The Rev. Paul Brandeis Raushenbush, a Baptist minister and head of the progressive Interfaith Alliance, issued a statement accusing Trump of hypocrisy in claiming to champion religion by creating the task force.

“From allowing immigration raids in churches, to targeting faith-based charities, to suppressing religious diversity, the Trump Administration’s aggressive government overreach is infringing on religious freedom in a way we haven’t seen for generations,” Raushenbush said.

A statement from Americans United for Separation of Church and State said the task force could lead to religious persecution of those with other faiths.

“Rather than protecting religious beliefs, this task force will misuse religious freedom to justify bigotry, discrimination, and the subversion of our civil rights laws,” said Rachel Laser, the group’s president and CEO.

Where is President Trump going with all these blatant attacks on the First Amendment?
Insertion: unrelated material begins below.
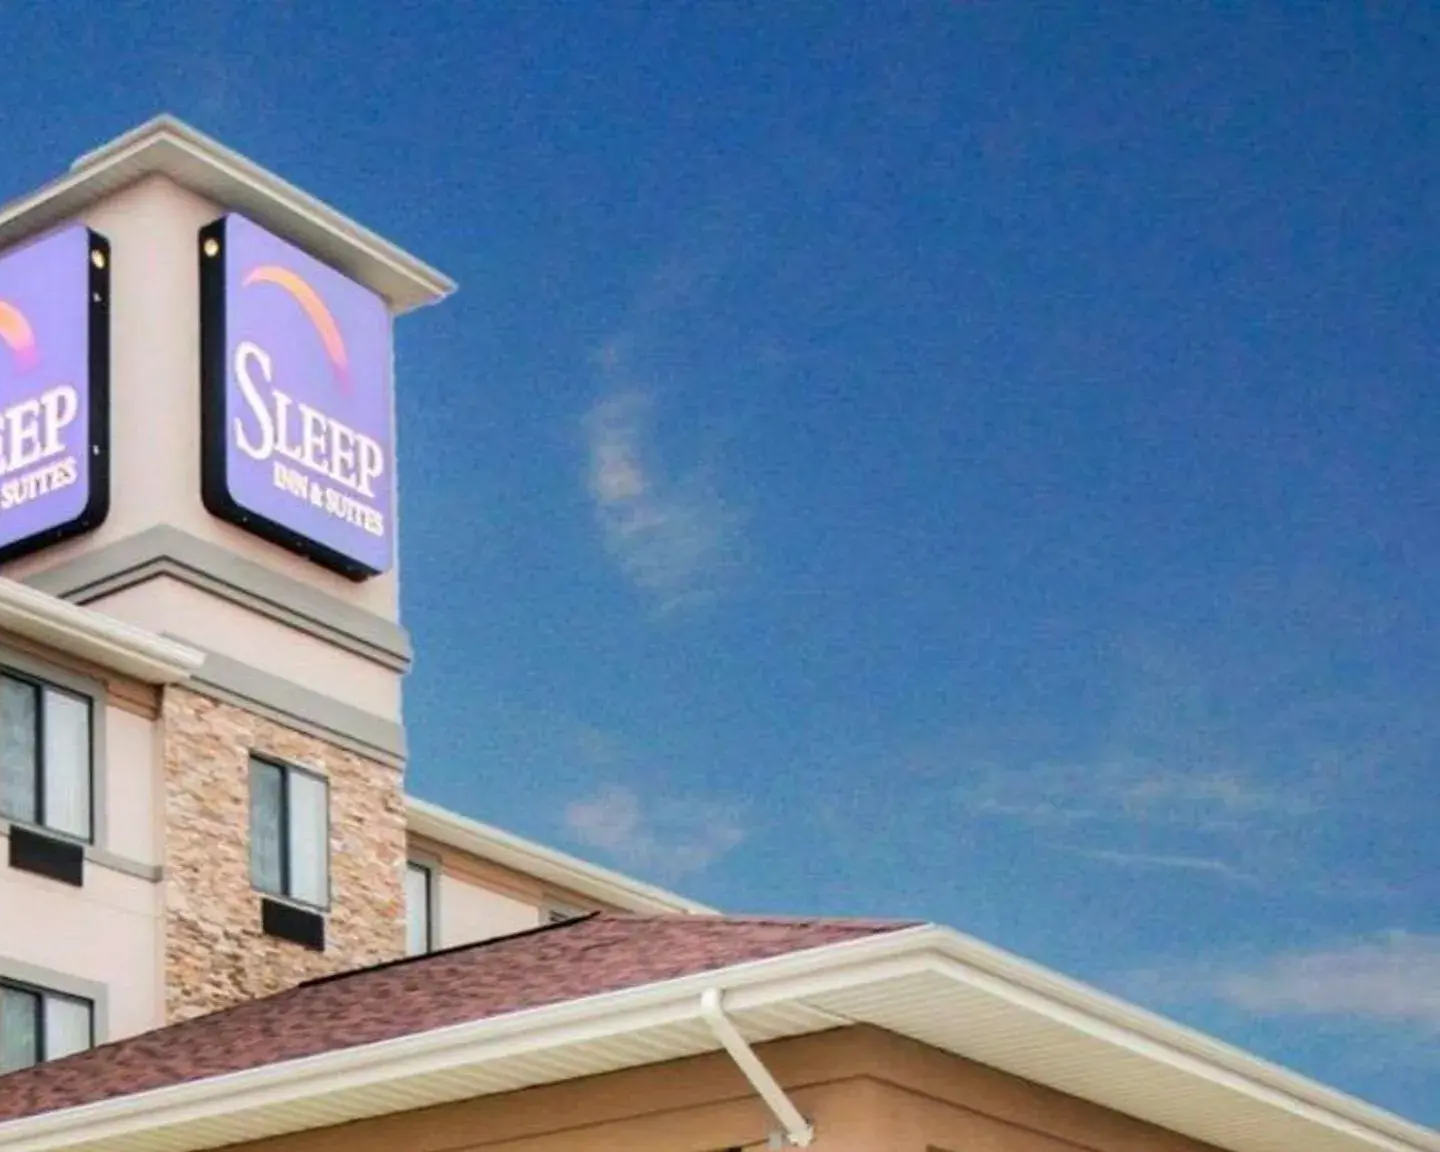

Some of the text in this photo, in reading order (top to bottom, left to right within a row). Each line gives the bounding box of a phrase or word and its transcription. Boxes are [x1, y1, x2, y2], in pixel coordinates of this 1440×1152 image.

The president has made no secret of his affection for autocratic leaders and “strongmen” around the world, and he is particularly enamored with Hungary’s far-right Prime Minister Viktor Orbán, who has visited Trump’s Mar-a-Lago resort twice in the past year.
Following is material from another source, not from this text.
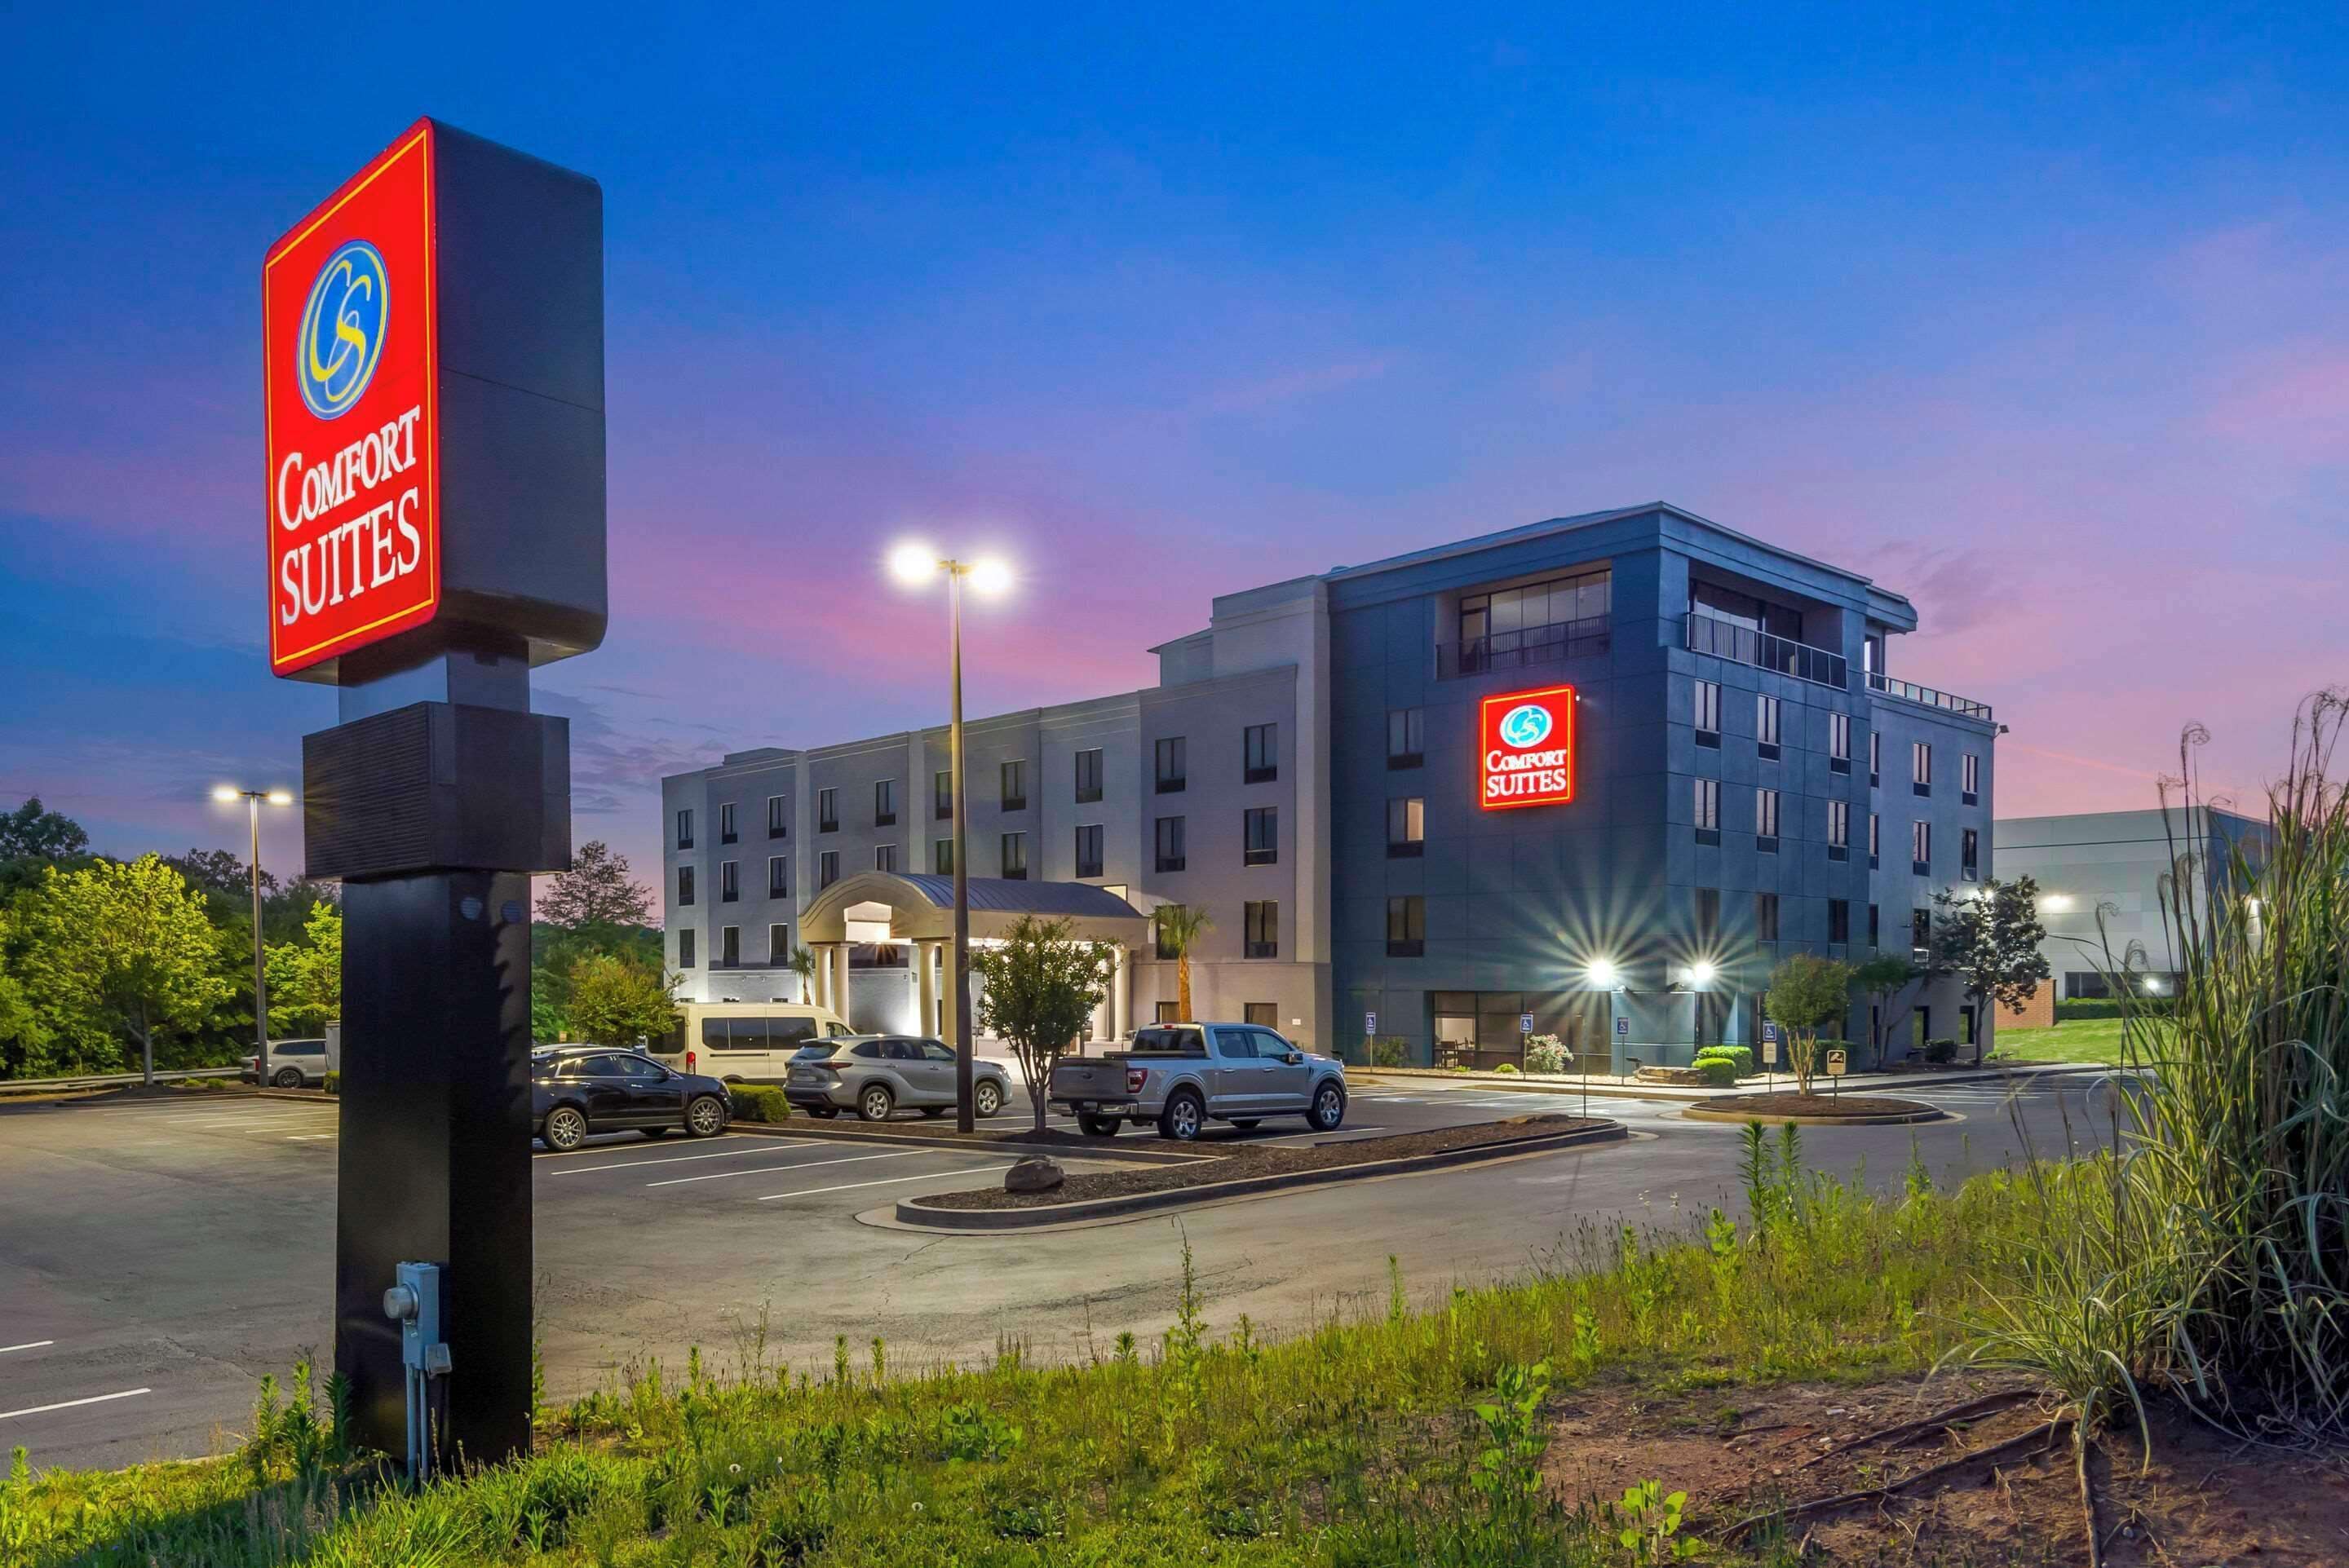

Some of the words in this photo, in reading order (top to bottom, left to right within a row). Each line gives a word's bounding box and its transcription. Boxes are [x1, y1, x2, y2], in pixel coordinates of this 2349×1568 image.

[278, 404, 421, 532] COMFORT
[281, 487, 421, 626] SUITES
[1486, 749, 1567, 773] COMFORT
[1487, 768, 1567, 797] SUITES
A March 15 essay in The Atlantic by Hungarian investigative journalist András Pethő recounts how Orbán rose to power by consolidating control over the courts, and by building his own media universe while simultaneously placing a stranglehold on the independent press.

“As I watch from afar what’s happening to the free press in the United States during the first weeks of Trump’s second presidency — the verbal bullying, the legal harassment, the buckling by media owners in the face of threats — it all looks very familiar,” Pethő wrote. “The MAGA authorities have learned Orbán’s lessons well.”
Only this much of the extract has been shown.